I have lived in the UK for most of my life, but when young I definitely had wanderlust and even ended up living in South Africa for several years which was a wonderful experience. I now look forward to a long and leisurely retirement doing what I like most - gardening, photography, walking and travelling.

60 thoughts on “Down the Cot Valley”

  1. What an idyllic place Jude – it looks so peaceful and the sea quite mesmerising. Looks like wonderful weather too 🙂 Glad you made it safely down the embankment too – the photos were worth it! Thanks for your support of Le Chic En Rose too – I have been following this blog and the “Earth Laughs In Flowers” for a while now – you certainly take some wonderful photos! Have greatly enjoyed catching up with your Cornish posts this morning with my cup of hot tea (still chilly here in Perth!) 🙂

    1. Thank you Rosemary. Nice to know you are liking my photos – I am still learning though! I have popped into your site a few times and finally decided to follow you (so I can find out all about life in Perth) – what is the time difference there from Sydney?

      1. Thanks for the follow Jude – I will have to do some more posts about Perth for you to read! There are a few up there in the archives 🙂 We are currently 2 hours behind Sydney but during summer it becomes 3 as we don’t have daylight savings unlike most of the east coat (much to my chagrin they had a referendum a few years back and the no vote won!).

        1. I shall have a browse through your archives – I do remember you writing about Perth’s zoo – at least I think it was you!

        2. Yes Jude that would have been me!
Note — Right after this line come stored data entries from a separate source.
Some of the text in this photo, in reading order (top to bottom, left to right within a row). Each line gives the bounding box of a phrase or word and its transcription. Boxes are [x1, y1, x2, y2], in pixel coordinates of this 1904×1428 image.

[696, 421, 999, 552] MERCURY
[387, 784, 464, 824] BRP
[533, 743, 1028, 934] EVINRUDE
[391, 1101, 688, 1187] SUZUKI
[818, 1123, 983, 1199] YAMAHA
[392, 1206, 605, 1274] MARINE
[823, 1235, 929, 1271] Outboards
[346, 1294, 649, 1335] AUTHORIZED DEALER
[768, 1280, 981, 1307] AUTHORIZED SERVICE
The Perth Zoo posts are filed under “Western Australia” or “Attractions and Activities – Zoo Tales” – either of those links should get you there! 🙂

  2. What a gorgeous place. I can’t imagine anyone even thinking of taking stones from here. It would be quite a walk lugging one of those rocks back to the car park.
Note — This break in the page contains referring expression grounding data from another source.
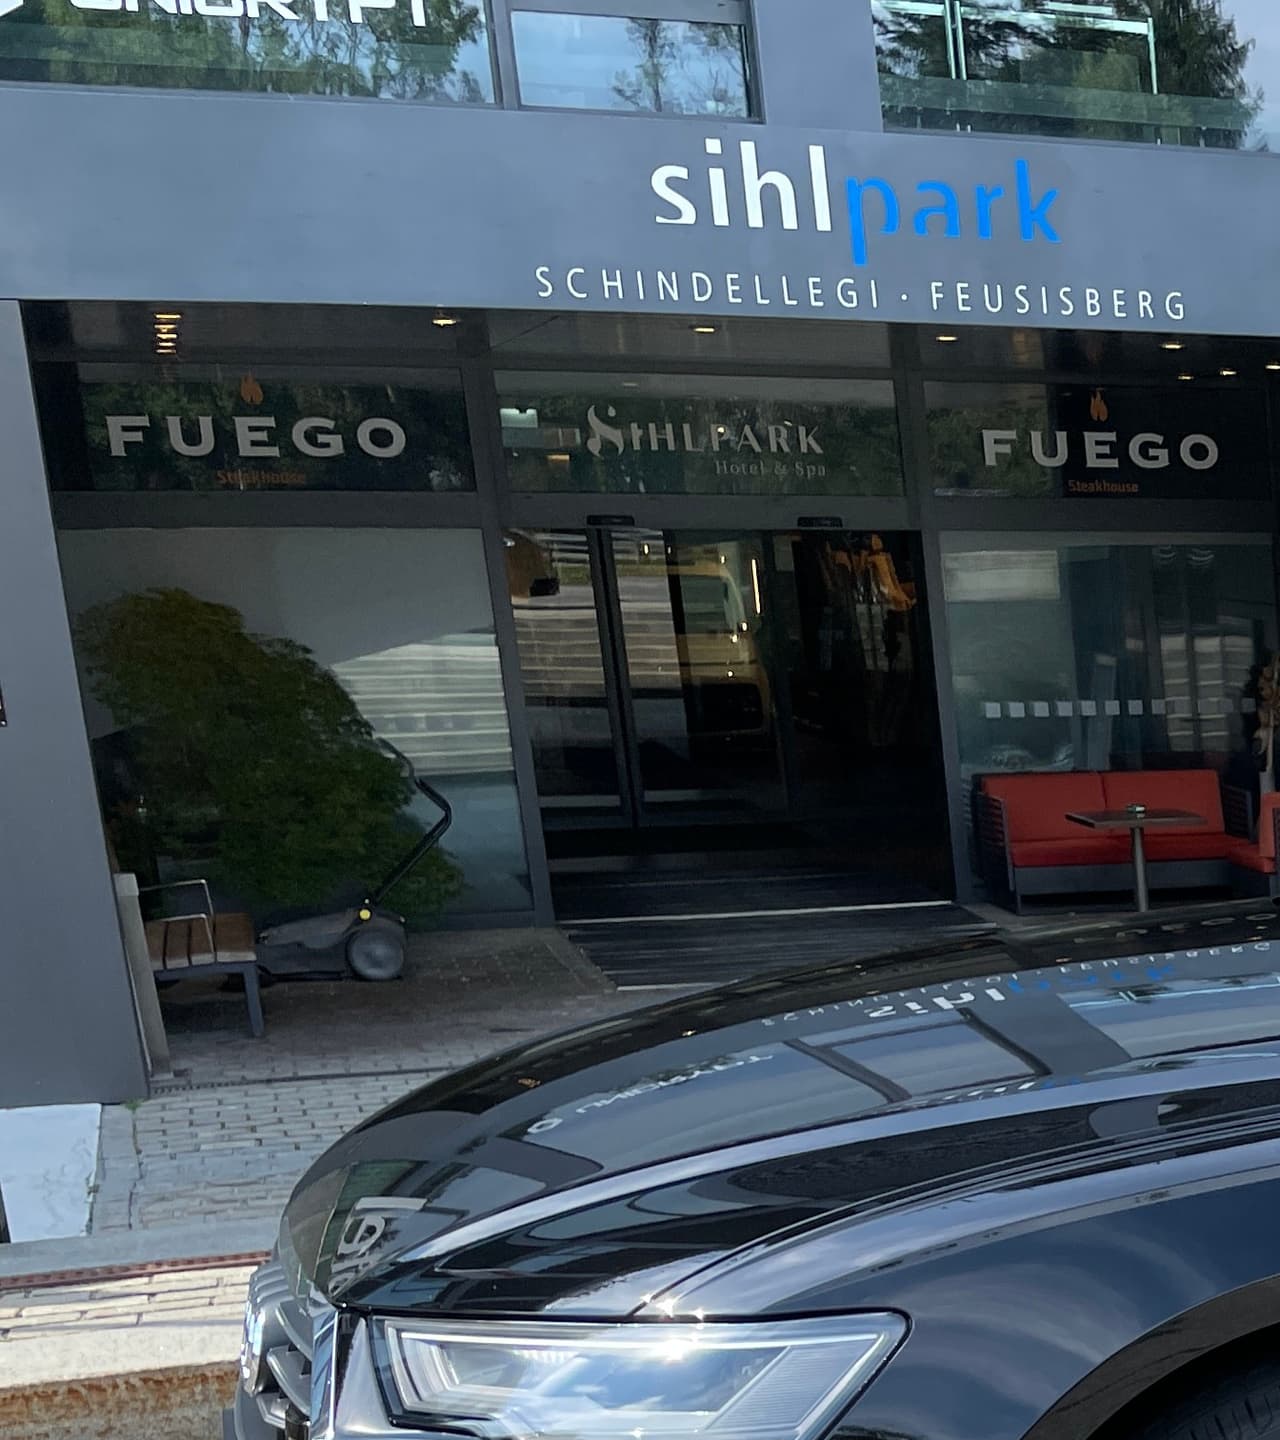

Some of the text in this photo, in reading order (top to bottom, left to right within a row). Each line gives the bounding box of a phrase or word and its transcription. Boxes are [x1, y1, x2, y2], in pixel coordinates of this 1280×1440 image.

[649, 137, 1062, 266] sihlpark
[535, 265, 1186, 322] SCHINDELLEGI FEUSISBERG
[104, 415, 407, 459] FUEGO
[981, 428, 1219, 471] FUEGO
[716, 460, 765, 476] Hotel
[1067, 479, 1140, 494] Steakhouse
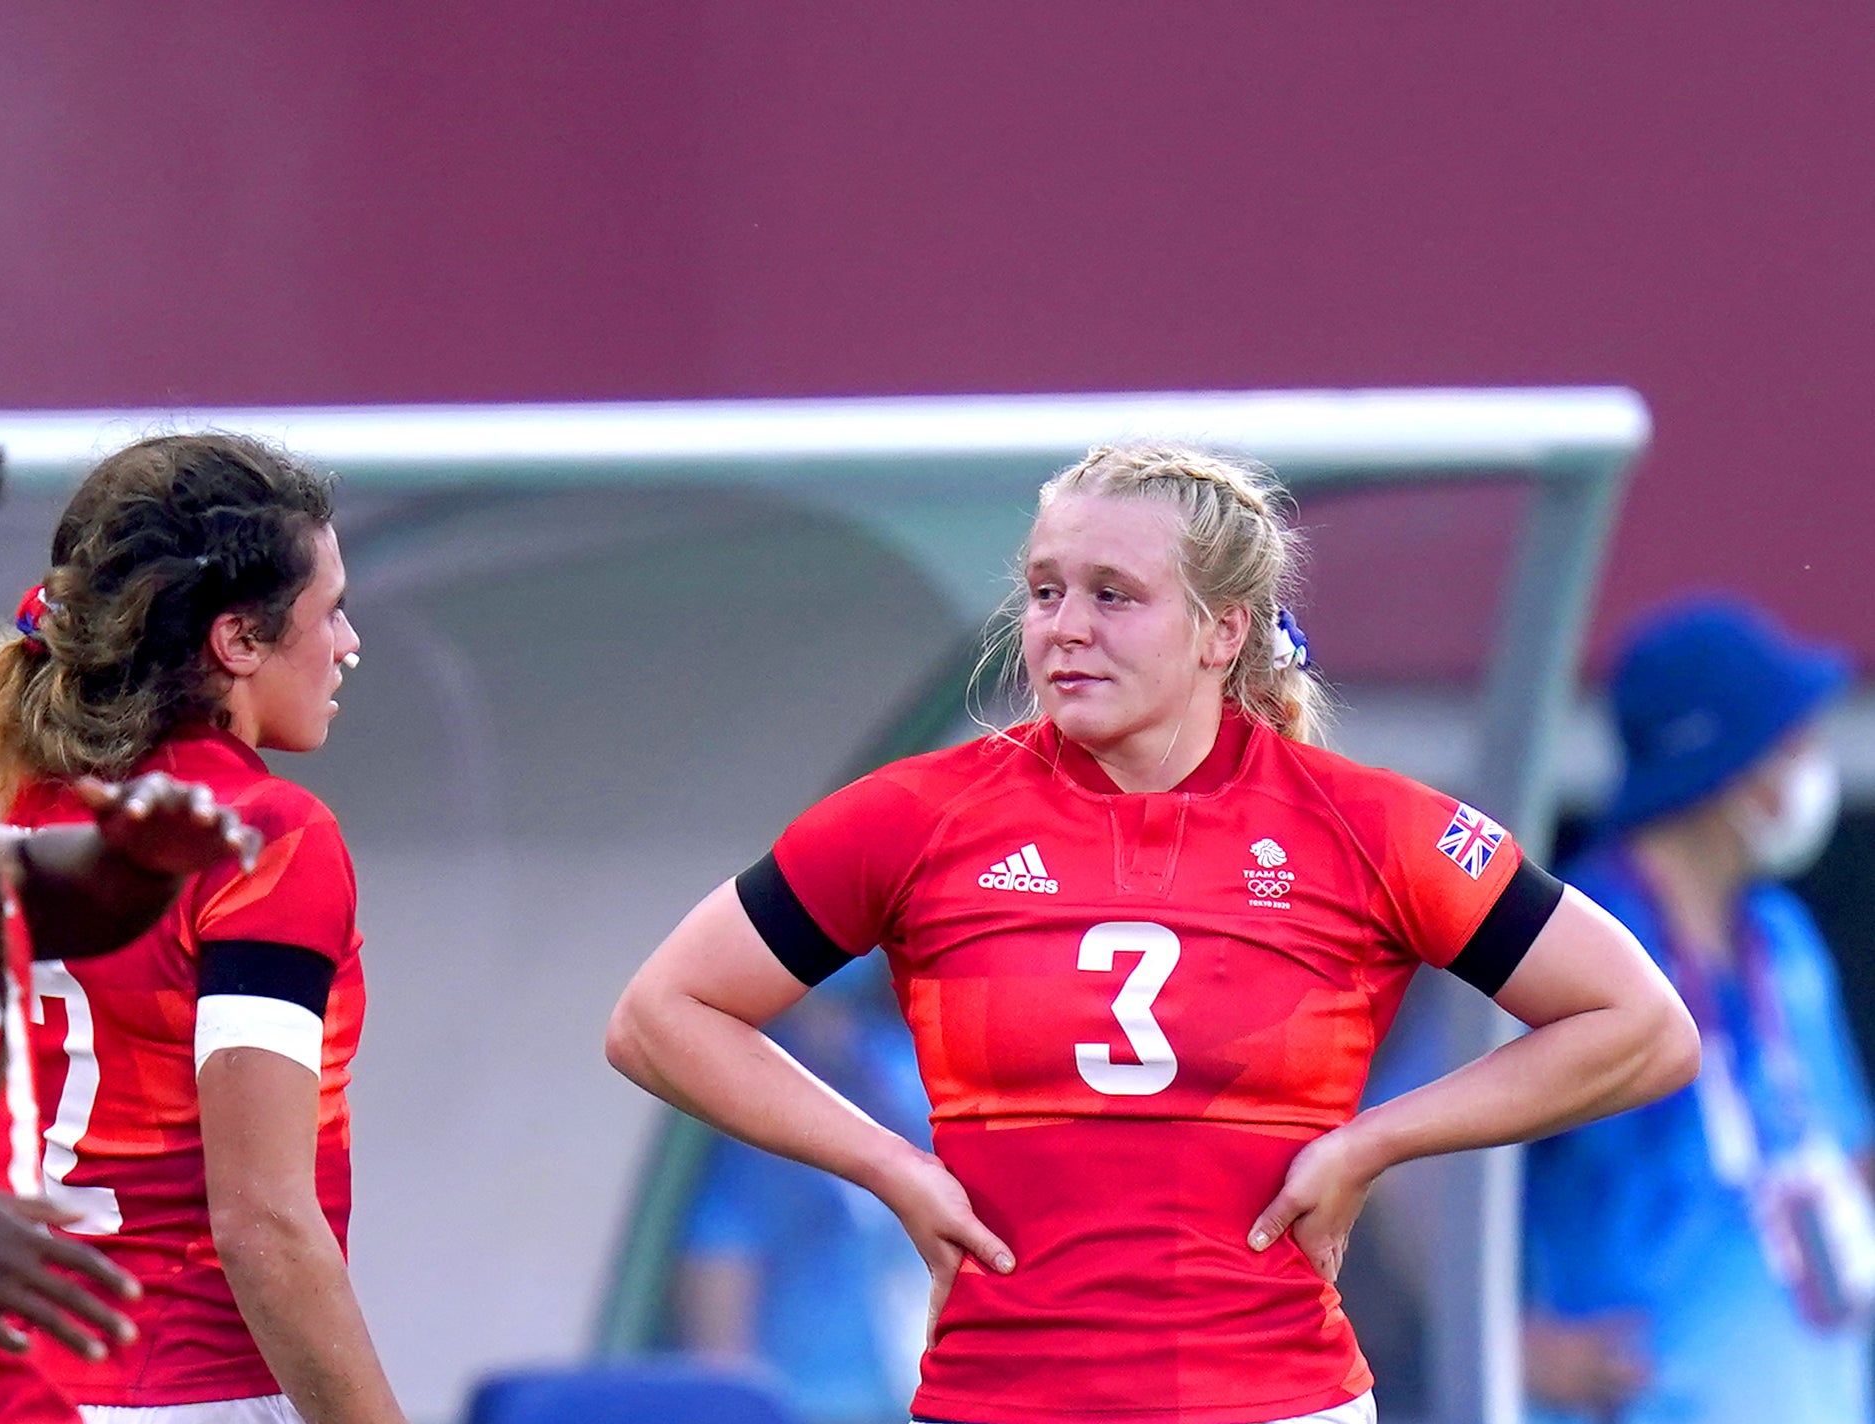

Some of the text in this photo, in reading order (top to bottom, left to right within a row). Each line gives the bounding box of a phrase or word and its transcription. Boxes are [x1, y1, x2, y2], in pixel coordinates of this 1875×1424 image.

[977, 871, 1059, 895] adidas
[1243, 869, 1296, 881] TEAM GB
[1074, 921, 1182, 1096] 3
    1. Actually not that far, but you would want wheels of some sort – you’d be surprised at what people will do! They are spectacular boulders 🙂

  3. What glorious weather for a walk/scramble Jude the colour of the ocean is mesmerising and almost the same colour as the blue butterflies wings. Jack has a fold up walking stick, but I have to report it is usually left at home or, now, in the car, even though I nag him about it…

    1. How clever of you to notice the colour of the sea and the butterflies – I hadn’t made that connection. 🙂

    1. Too true, it is not at all like walking along the coastal path between Bondi and Coogee! If only I could persuade the councils to pave our trails I’d be fine!

  4. Oh how I envy your botanical names – they just trip off your finger, and cover so many terrains. I was surprised at how well circles suit seascape shots. this looks like a lovely walk. Dogs allowed? We’re just off for Em and Loki’s afternoon stroll. They’d have a sniff-fest along this walk.

    1. Dogs allowed – this is National Trust land not a park – they are even getting better at their house and garden sites, providing places to leave your dog whilst you visit the property and those with parkland encourage dog walkers (as long as they pick up after them). Makes good sense as so many people In the UK own a dog. Oh, and you do know I look up names of plants? Books, Google – I know a fair few, but I don’t know an awful lot more… 😀

      1. But you know how to look up plants: googling “the one I saw this afternoon” doesn’t seem to yield ID! If only dog owners picked up, dogs would be more welcome in many places.

        1. You have no idea how close your search is to mine!! I can spend hours tracking down a flower – in fact I was dead chuffed the other day when I found one I’d seen in NZ but no-one knew what it was. Pure luck though as it wasn’t the one I was looking for!